---- Working data

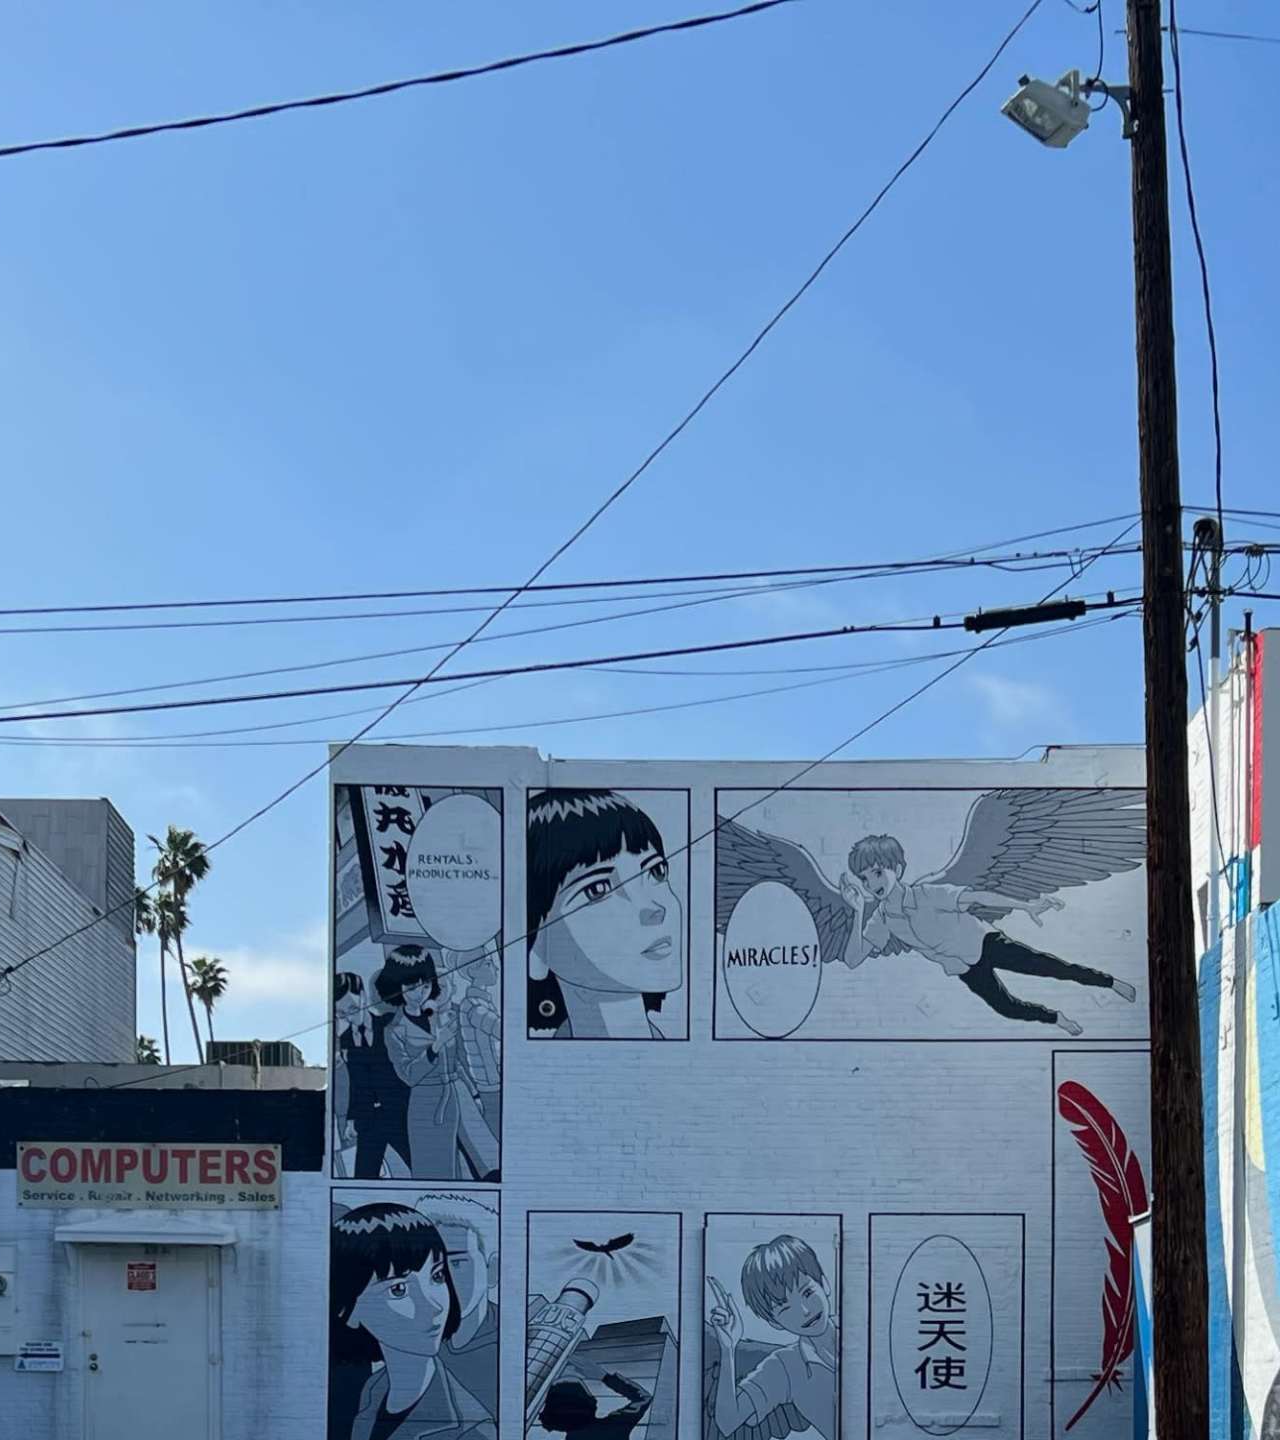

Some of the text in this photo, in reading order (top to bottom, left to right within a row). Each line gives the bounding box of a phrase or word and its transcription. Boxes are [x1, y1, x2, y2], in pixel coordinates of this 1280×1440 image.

[727, 944, 818, 968] MIRACLES!
[21, 1147, 278, 1185] COMPUTERS
[22, 1190, 75, 1201] Service
[145, 1191, 225, 1204] Networking
[238, 1191, 275, 1202] Sales
[914, 1282, 968, 1390] 迷天使
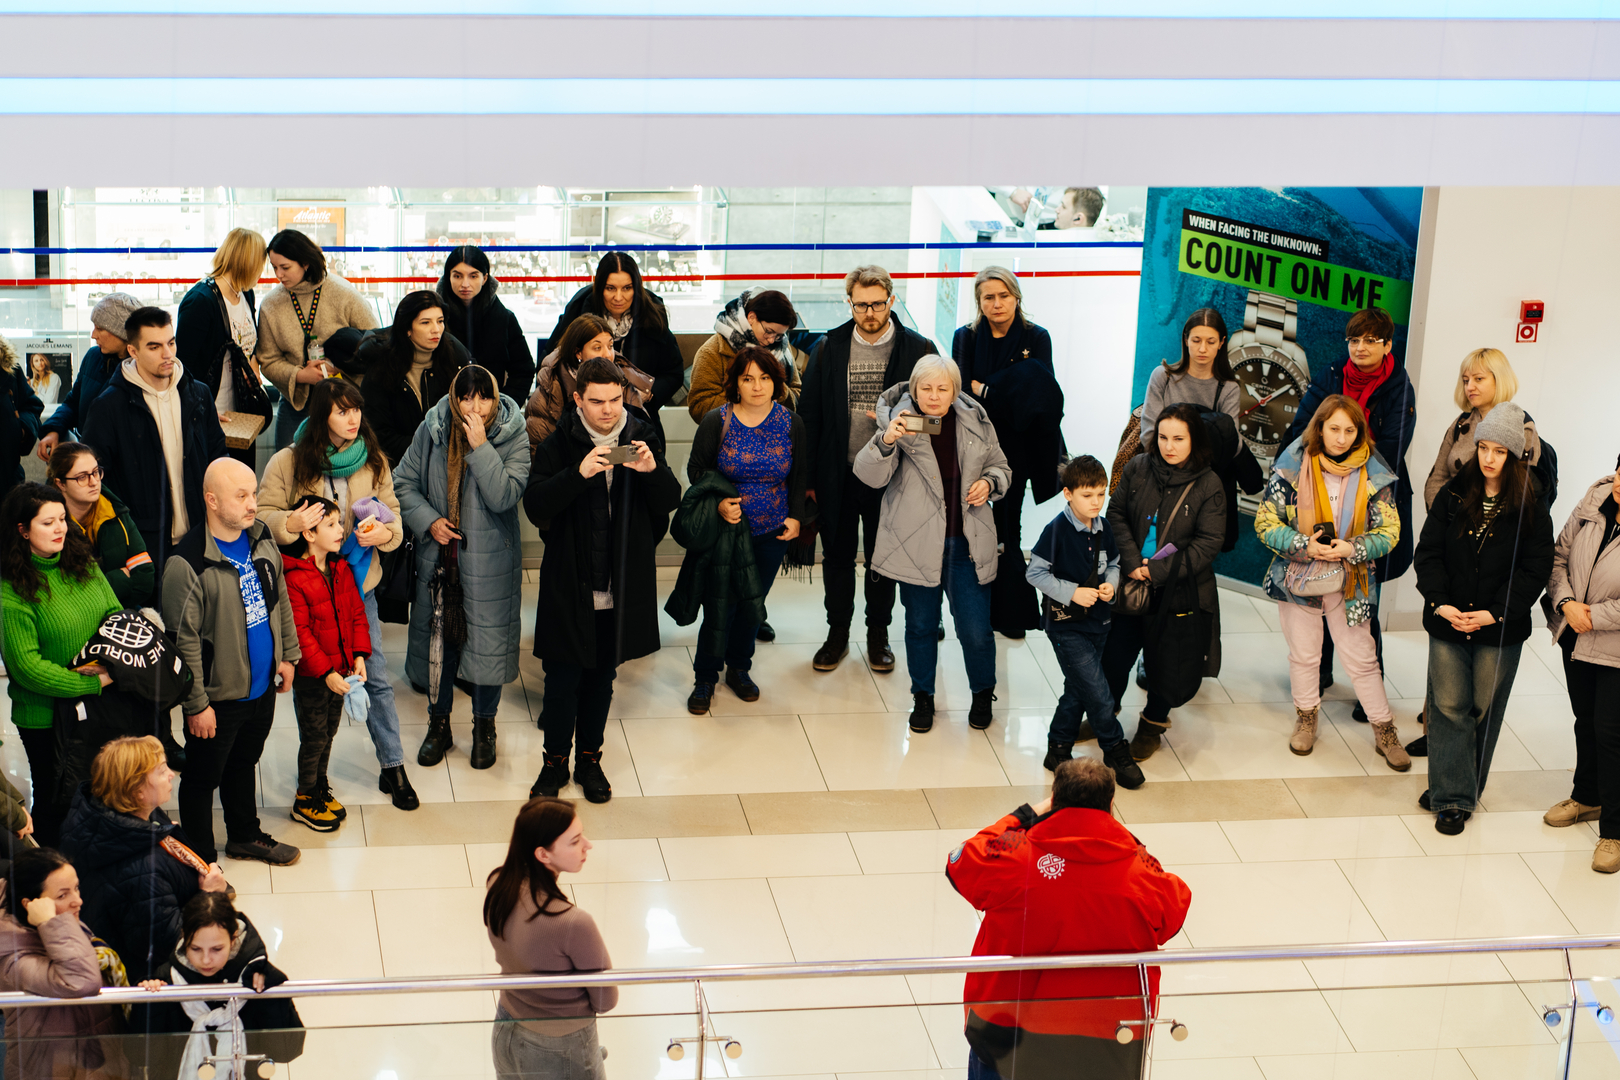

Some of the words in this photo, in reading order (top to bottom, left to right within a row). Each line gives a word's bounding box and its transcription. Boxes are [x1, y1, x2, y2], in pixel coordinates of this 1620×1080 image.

[1188, 214, 1217, 232] WHEN
[1217, 221, 1251, 239] FACING
[1252, 229, 1269, 244] THE
[1270, 233, 1322, 256] UNKNOWN:
[1186, 237, 1282, 288] COUNT
[1290, 261, 1331, 301] ON
[1341, 272, 1384, 309] ME
[89, 644, 147, 668] WORLD
[147, 639, 166, 665] HE

--------

Your answer should be every line above, written out exactly, with no pictures.

Written solution
Some of the text in this photo, in reading order (top to bottom, left to right within a row). Each line gives the bounding box of a phrase or word and its transcription. Boxes are [x1, y1, x2, y2], in pixel coordinates of this 1280×1440 image.

[727, 944, 818, 968] MIRACLES!
[21, 1147, 278, 1185] COMPUTERS
[22, 1190, 75, 1201] Service
[145, 1191, 225, 1204] Networking
[238, 1191, 275, 1202] Sales
[914, 1282, 968, 1390] 迷天使

Some of the words in this photo, in reading order (top to bottom, left to right within a row). Each line gives a word's bounding box and its transcription. Boxes are [x1, y1, x2, y2], in pixel coordinates of this 1620×1080 image.

[1188, 214, 1217, 232] WHEN
[1217, 221, 1251, 239] FACING
[1252, 229, 1269, 244] THE
[1270, 233, 1322, 256] UNKNOWN:
[1186, 237, 1282, 288] COUNT
[1290, 261, 1331, 301] ON
[1341, 272, 1384, 309] ME
[89, 644, 147, 668] WORLD
[147, 639, 166, 665] HE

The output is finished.